Two days ago, my niece Emma passed away. She fought with all her might, but a second infection got the best of her. She had been a preemie at little over 1 lb., and had never had the chance to go home because of increasing health problems.
I never met Emma, but got to know my little niece best through my brother's blog, and pictures posted on Flickr. Every time new pictures were posted we shared them with our boys, her cousins, and explained as best we could to our six year old what was happening. We relished every picture, and checked for new blog postings every day.
When I explained to my son what had happened, he said, "Won't people be confused? How can a baby die?" It's a question we are asking ourselves every day. We had always said that you die after you get very old and your body is finally worn out, like you wear out a pair of shoes. I explained to him how Emma was very sick, and while the doctors did everything they could to make her better, in the end, her body just couldn't get better. My son said he thought that when Emma and Ella would get older Ella could play with him and Emma could play with his younger brother. It's a lot for a six year old to understand, and I think he did, and processed it the way a six year old can - pretty matter of fact.
I don't have the words to say how I feel. I think my husband said it best for all of us.
I want to add something, however. One of the biggest regrets I have is that my brother and his family live so far away. My little brother and I were always close when we were little. He was my student when I played school, and he always played along. When he sliced open his finger because he had his finger inside the door when another kid slammed it, I know while in the emergency room he kept asking for me (and to this day I tell my kids to keep their hands away from the door or they'll cut their finger off like Uncle Matt did). I played hot wheels, basketball, flag football and other games with him and his friends because I was more of a tomboy and couldn't tolerate girls. I remember talking with him about his first real girlfriend (you can thank me later, Ellen) and whether they should stay together. He taught me how to use a computer when he was in the fourth grade! My husband and I spent our honeymoon in Seattle and he let us stay at his apartment. Even though he lives far away, and we don't talk much, when we do talk, it is almost as if he never moved away.
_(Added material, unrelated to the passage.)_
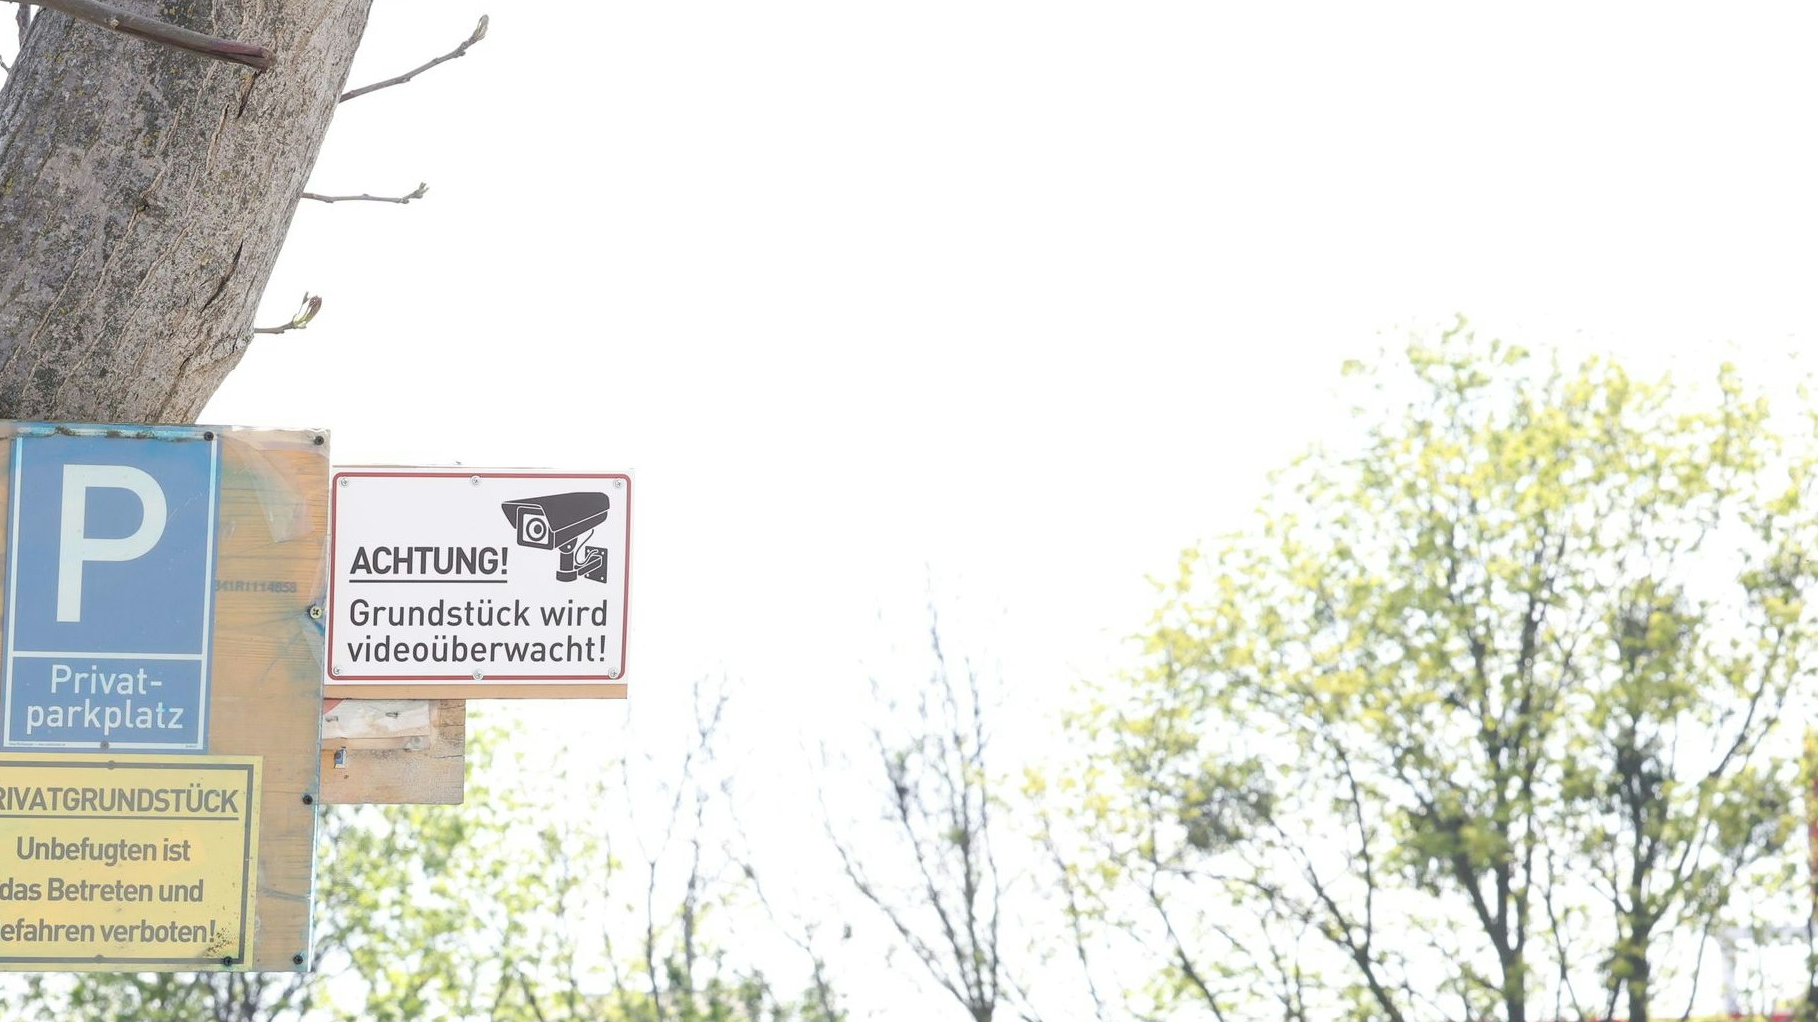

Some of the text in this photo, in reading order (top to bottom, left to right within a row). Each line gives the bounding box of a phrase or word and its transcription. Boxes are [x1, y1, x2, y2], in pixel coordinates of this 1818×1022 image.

So when all of this was going on, it has been heartbreaking for me not to be there to support him and his family. It's the worst thing a parent could ever possibly have to go through. As I read the comments to his blog, and twitter responses, I am comforted that he and his wife have such wonderful friends to help and support them.
On behalf of my family, and my parents, I want to thank everyone who has been able to physically be there for my brother and his family. It means a great deal to me to know that he has so many friends to help and support him.
Matt, Ellen and Ella, we love you. Emma baby, we miss you very much and regret never getting to meet you in person. We send you our love and you will always be in our hearts.